### DATA IN THIS EXERCISE:
↓↓↓

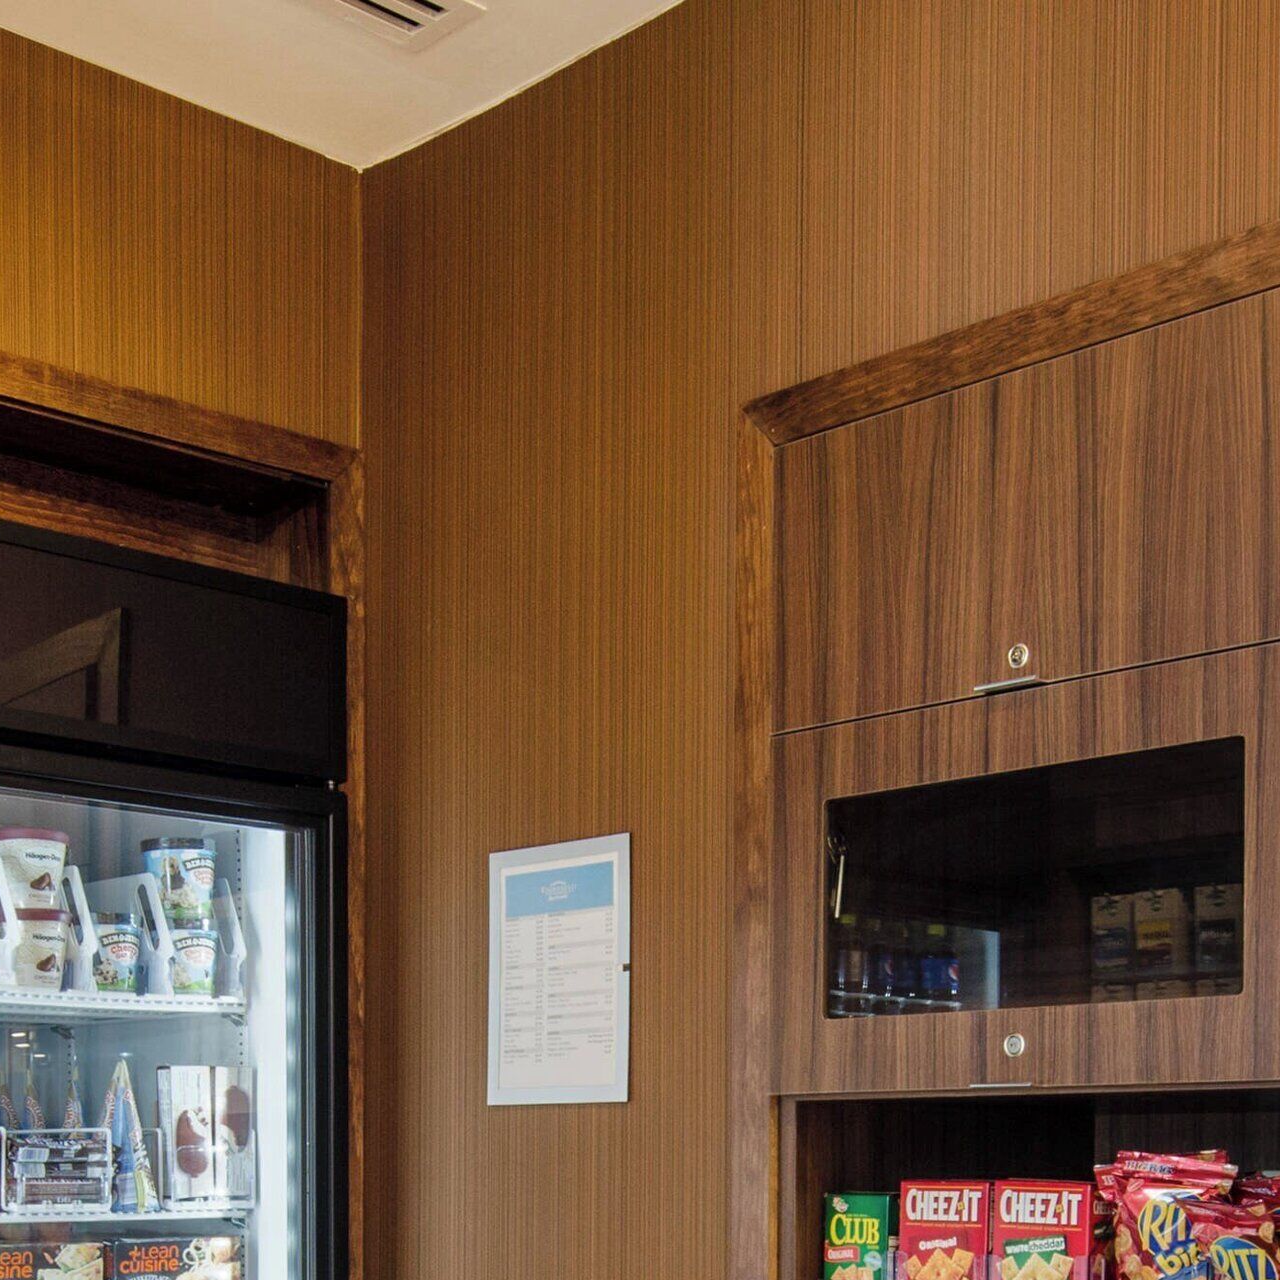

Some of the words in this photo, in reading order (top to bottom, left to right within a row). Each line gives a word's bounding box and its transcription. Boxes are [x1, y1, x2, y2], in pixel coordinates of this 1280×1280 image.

[830, 1214, 880, 1246] CLUB
[141, 1245, 179, 1259] Lean
[119, 1258, 179, 1274] cuisine
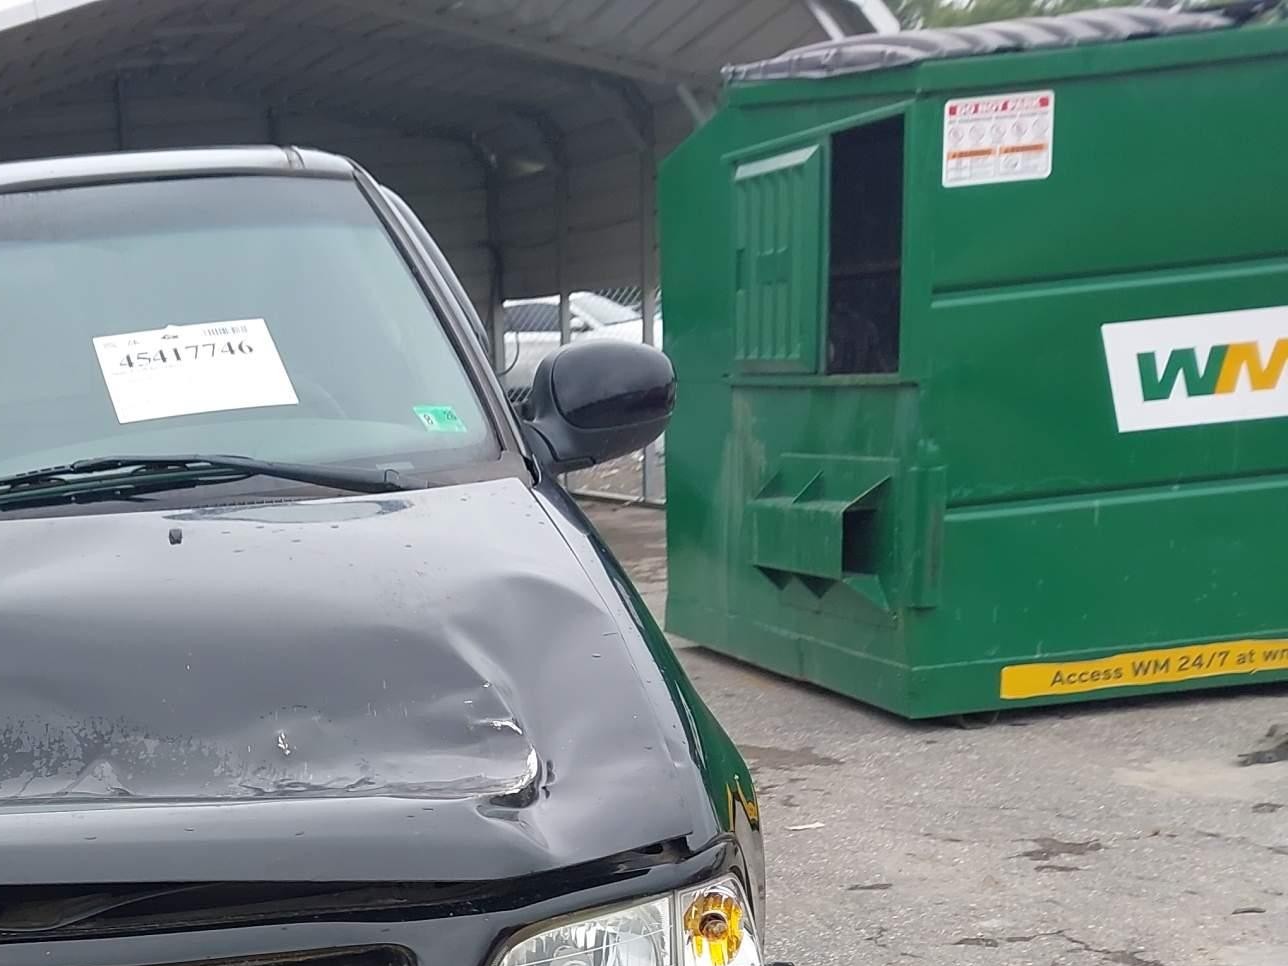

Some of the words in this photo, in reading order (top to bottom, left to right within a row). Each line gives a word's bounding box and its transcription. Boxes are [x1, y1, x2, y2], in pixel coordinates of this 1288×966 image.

[119, 340, 253, 369] 45417746
[1136, 336, 1288, 402] WM
[1050, 667, 1123, 687] Access
[1131, 660, 1170, 677] WM
[1177, 650, 1231, 671] 24/7
[1236, 648, 1256, 665] at
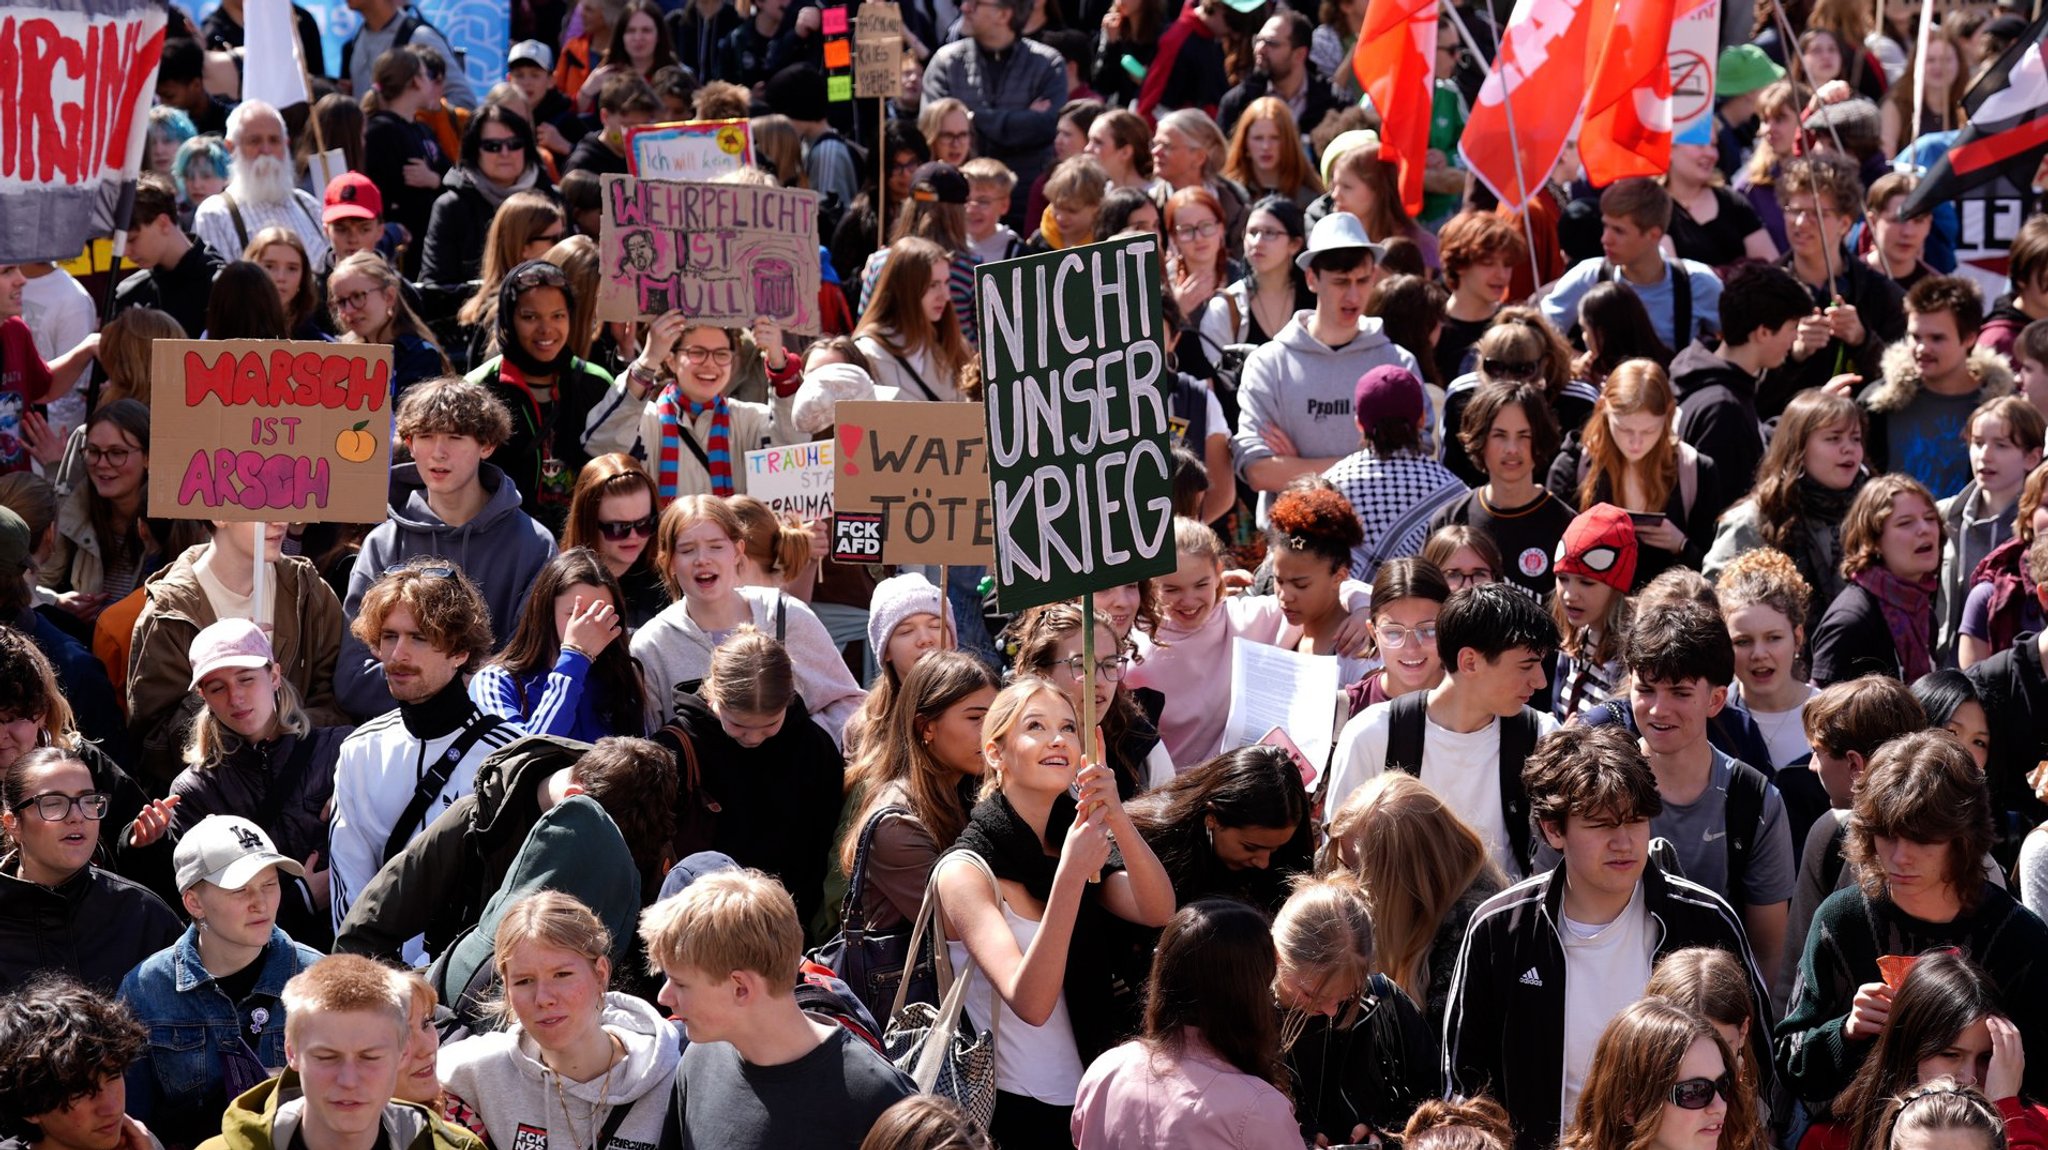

↑↑↑

Would you repeat the entries exactly, keeping the images out?

### EXERCISE SOLUTION:
Some of the words in this photo, in reading order (top to bottom, left to right within a row). Each line gives a word's bounding box and its transcription. Boxes are [x1, y1, x2, y2], in pixel coordinates of this 1280×1280 image.

[830, 1214, 880, 1246] CLUB
[141, 1245, 179, 1259] Lean
[119, 1258, 179, 1274] cuisine

Some of the words in this photo, in reading order (top to bottom, left to right within a row). Each line gives a word's bounding box and its transcription. Boxes are [x1, y1, x2, y2], in pixel coordinates of this 1288×966 image.

[119, 340, 253, 369] 45417746
[1136, 336, 1288, 402] WM
[1050, 667, 1123, 687] Access
[1131, 660, 1170, 677] WM
[1177, 650, 1231, 671] 24/7
[1236, 648, 1256, 665] at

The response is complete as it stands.